A nurse is caring for a client with dementia. Which documentation by the nurse best follows documentation guidelines?

Alert and oriented to self only, hitting staff members with newspaper, did not follow commands to brush teeth

A nurse is using the SBAR technique for hand-off communication when transferring a client. Which scenarios are examples of using of this process? Select all that apply.

B: The nurse gives the background of the client by explaining the client history. A: The nurse presents an assessment of the client to the new nurse. R: The nurse gives recommendations for future care to the new nurse in charge. S: The nurse handling the transfer describes the client situation to the new nurse.

A nurse is preparing to document client care in the electronic medical record using the SOAP format. The client had abdominal surgery 2 days ago. How would the nurse document the "S" information?

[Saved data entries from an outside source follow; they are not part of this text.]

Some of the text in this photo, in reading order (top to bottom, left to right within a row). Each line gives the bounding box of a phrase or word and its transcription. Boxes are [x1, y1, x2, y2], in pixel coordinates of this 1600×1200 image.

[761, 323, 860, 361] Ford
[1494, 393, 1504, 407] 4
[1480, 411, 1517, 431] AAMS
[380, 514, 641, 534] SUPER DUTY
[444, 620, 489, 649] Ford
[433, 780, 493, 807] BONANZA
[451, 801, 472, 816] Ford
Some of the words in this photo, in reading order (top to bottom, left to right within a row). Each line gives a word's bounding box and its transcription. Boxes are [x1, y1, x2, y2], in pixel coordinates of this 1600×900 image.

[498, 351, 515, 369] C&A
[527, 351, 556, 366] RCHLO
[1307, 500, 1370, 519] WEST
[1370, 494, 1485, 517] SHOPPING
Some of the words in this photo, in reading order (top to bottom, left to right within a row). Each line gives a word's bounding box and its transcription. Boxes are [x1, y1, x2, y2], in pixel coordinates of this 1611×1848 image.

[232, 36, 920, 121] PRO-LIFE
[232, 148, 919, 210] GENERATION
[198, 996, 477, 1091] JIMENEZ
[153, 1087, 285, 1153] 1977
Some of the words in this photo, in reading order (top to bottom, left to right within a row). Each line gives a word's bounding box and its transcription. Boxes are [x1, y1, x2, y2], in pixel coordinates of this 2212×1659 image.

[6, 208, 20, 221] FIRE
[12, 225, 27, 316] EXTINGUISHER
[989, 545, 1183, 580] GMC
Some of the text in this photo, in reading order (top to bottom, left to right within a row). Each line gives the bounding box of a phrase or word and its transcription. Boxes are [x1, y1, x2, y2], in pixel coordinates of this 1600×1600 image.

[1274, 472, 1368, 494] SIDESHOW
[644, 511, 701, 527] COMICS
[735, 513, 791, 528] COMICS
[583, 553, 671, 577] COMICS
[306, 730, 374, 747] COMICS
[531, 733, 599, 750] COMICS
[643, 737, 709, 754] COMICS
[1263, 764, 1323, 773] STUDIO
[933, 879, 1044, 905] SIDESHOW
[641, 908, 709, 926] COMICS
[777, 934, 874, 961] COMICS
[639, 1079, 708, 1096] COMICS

Client states, "I have more pain in my belly today than I did yesterday. My pain is about a 7 out of 10."

Nurses at a health care facility maintain client records using a method of documentation known as charting by exception (CBE). What is a benefit of this method of documentation?

It provides quick access to abnormal findings.

A nurse working in a rural setting is documenting care using a paper format. The nurse records the routine care, normal findings, and client problems in a narrative note. The nurse reviews the physician's information in the physician's progress notes. The nurse is using which method of documentation?

Source-oriented

A nurse documents the following data in the client record according to the SOAP format: Client reports unrelieved pain; client is seen clutching the side and grimacing; client pain medication does not appear to be effective; Call in to primary care provider to increase dosage of pain medication or change prescription. This is an example of what charting method?

Problem-oriented method

Which actions should the nurse take before making an entry in a client's record? Select all that apply.

Reviewing the agency's list of approved abbreviations Locating clients' files within an electronic health record system Identifying the form appropriate to be used for documenting

The nurse is reassessing a client after pain medication has been administered to manage the pain from a bilateral knee replacement procedure. Which statement most accurately depicts proper documentation of pain assessment?

The client reports that on a scale of 0 to 10, the current pain is a 3.

A client has been diagnosed with PVD. On which area of the body should the nurse focus the assessment?

The lower extremities

The nurse is finding it difficult to plan and implement care for a client and decides to have a nursing care conference. What action would the nurse take to facilitate this process?

The nurse meets with nurses or other health care professionals to discuss some aspect of client care.

A client has requested a translator to help understand the questions that the nurse is asking during the client interview. The nurse knows that what is important when working with a client translator?

Translators may need additional explanations of medical terms.

Which documentation by the nurse best supports the PIE charting system?

Vomiting 250 mL undigested food, antiemetic given, no further vomiting

A nurse is documenting care in a source-oriented record. What action by the nurse is most appropriate?

Write a narrative note in the designated nursing section.

A nurse is arranging for home care for clients and reviews the Medicare reimbursement requirements. Which client meets one of these requirements?

a client who is homebound and needs skilled nursing care

A nurse is maintaining a problem-oriented medical record for a client. Which component of the record describes the client's responses to what has been done and revisions to the initial plan?

progress notes

A nurse accidentally gives a double dose of blood pressure medication. After ensuring the safety of the client, the nurse would record the error in which documents?

Client's record and occurrence report

Which are appropriate actions for protecting clients' identities? Select all that apply.

Document all personnel who have accessed a client's record. Place light boxes for examining X-rays with the client's name in private areas. Have conversations about clients in private places where they cannot be overheard.